#### Records to use

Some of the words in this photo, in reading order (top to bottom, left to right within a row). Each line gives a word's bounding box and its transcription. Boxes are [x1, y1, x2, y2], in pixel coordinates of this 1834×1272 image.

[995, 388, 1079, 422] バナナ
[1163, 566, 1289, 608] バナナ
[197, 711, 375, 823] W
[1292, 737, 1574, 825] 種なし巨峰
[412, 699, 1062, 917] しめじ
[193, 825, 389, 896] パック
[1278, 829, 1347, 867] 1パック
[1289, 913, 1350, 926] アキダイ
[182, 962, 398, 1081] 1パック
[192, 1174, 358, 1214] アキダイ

########

About this exercise: Make an exact transcription of the entries above.

Answer below:
Some of the words in this photo, in reading order (top to bottom, left to right within a row). Each line gives a word's bounding box and its transcription. Boxes are [x1, y1, x2, y2], in pixel coordinates of this 1834×1272 image.

[995, 388, 1079, 422] バナナ
[1163, 566, 1289, 608] バナナ
[197, 711, 375, 823] W
[1292, 737, 1574, 825] 種なし巨峰
[412, 699, 1062, 917] しめじ
[193, 825, 389, 896] パック
[1278, 829, 1347, 867] 1パック
[1289, 913, 1350, 926] アキダイ
[182, 962, 398, 1081] 1パック
[192, 1174, 358, 1214] アキダイ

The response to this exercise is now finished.